Social Norm Bias: Residual Harms of Fairness-Aware Algorithms
This addresses a subtle but harmful bias in fairness-aware algorithms for affected individuals in domains like hiring, highlighting an incremental but important limitation in current methods.
The paper tackles the problem of residual algorithmic discrimination, called Social Norm Bias (SNoB), where 'fair' classifiers still favor biographies conforming to gender norms in occupation classification, showing that post-processing fairness methods fail to mitigate this bias.

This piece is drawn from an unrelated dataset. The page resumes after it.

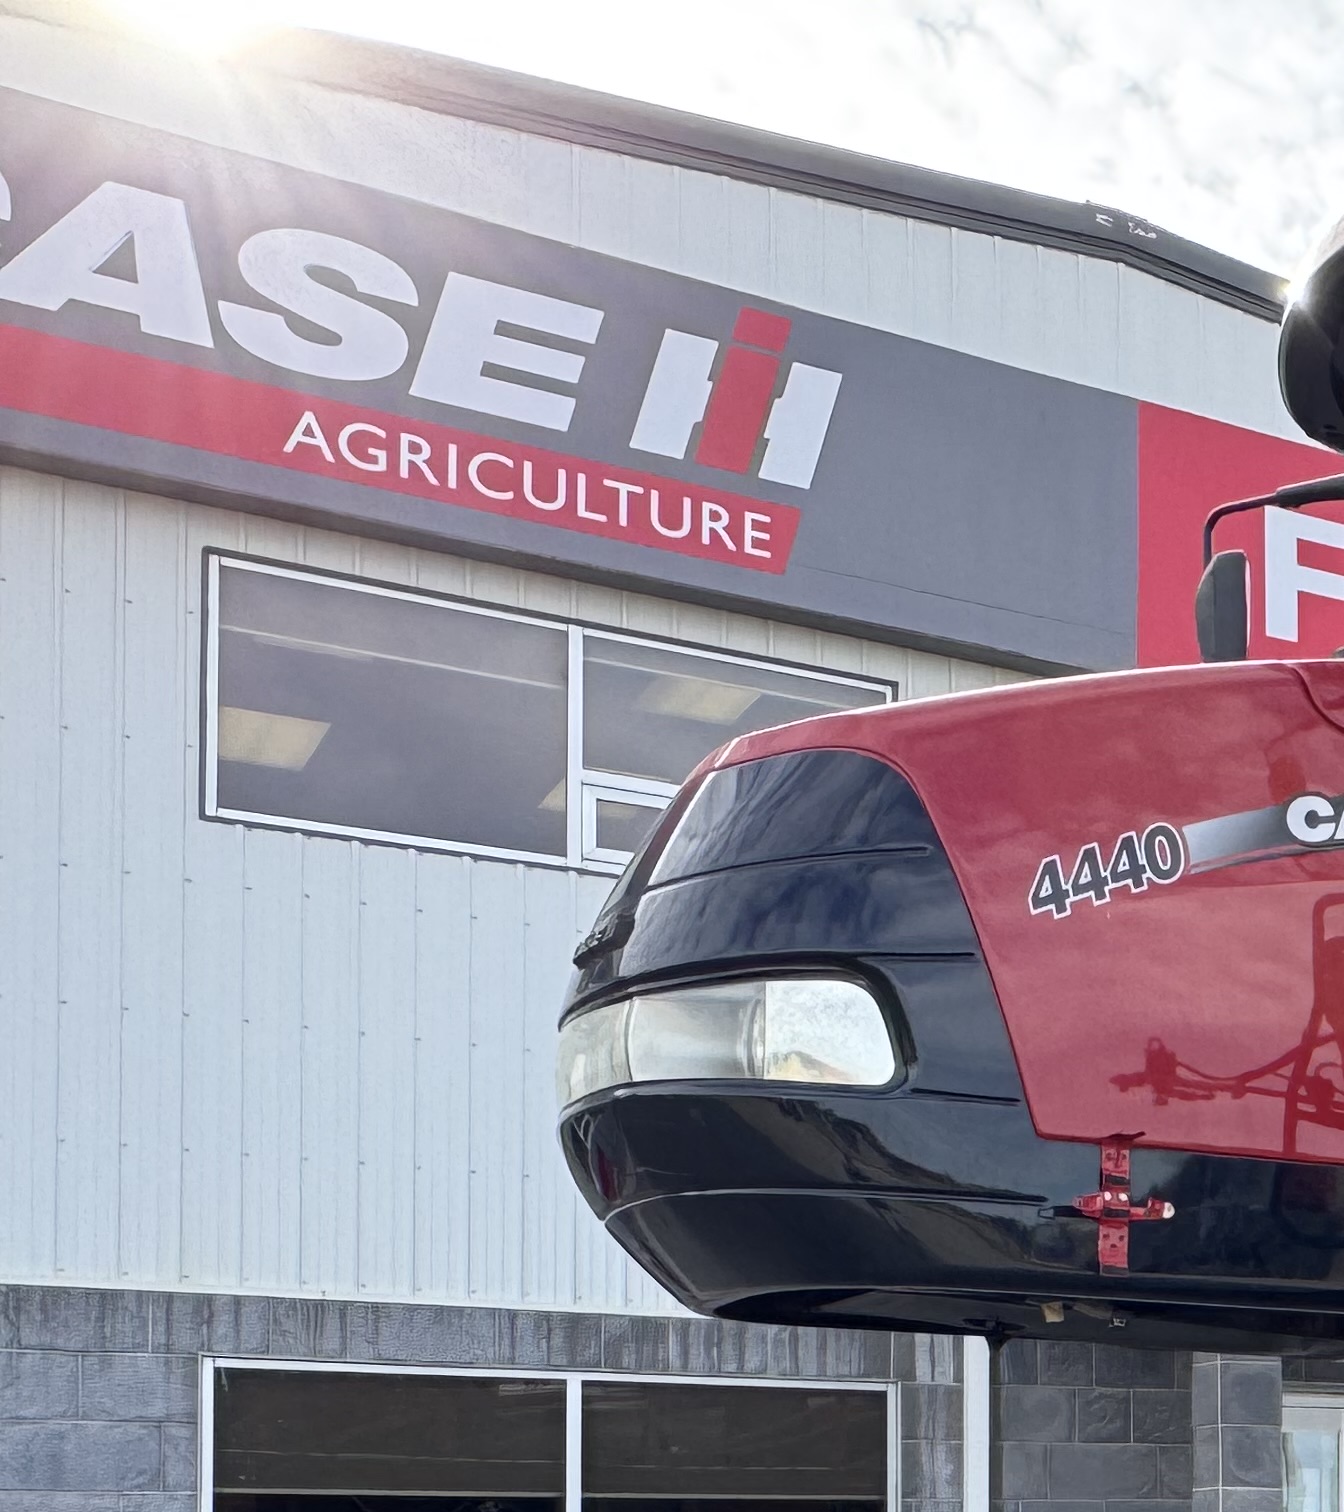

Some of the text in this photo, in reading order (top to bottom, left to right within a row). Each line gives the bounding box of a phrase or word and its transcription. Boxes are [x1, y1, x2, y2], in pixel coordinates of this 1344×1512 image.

[0, 171, 605, 432] ASE
[283, 411, 772, 559] AGRICULTURE
[1028, 822, 1185, 919] 4440

Many modern machine learning algorithms mitigate bias by enforcing fairness constraints across coarsely-defined groups related to a sensitive attribute like gender or race. However, these algorithms seldom account for within-group heterogeneity and biases that may disproportionately affect some members of a group. In this work, we characterize Social Norm Bias (SNoB), a subtle but consequential type of algorithmic discrimination that may be exhibited by machine learning models, even when these systems achieve group fairness objectives. We study this issue through the lens of gender bias in occupation classification. We quantify SNoB by measuring how an algorithm's predictions are associated with conformity to inferred gender norms. When predicting if an individual belongs to a male-dominated occupation, this framework reveals that "fair" classifiers still favor biographies written in ways that align with inferred masculine norms. We compare SNoB across algorithmic fairness methods and show that it is frequently a residual bias, and post-processing approaches do not mitigate this type of bias at all.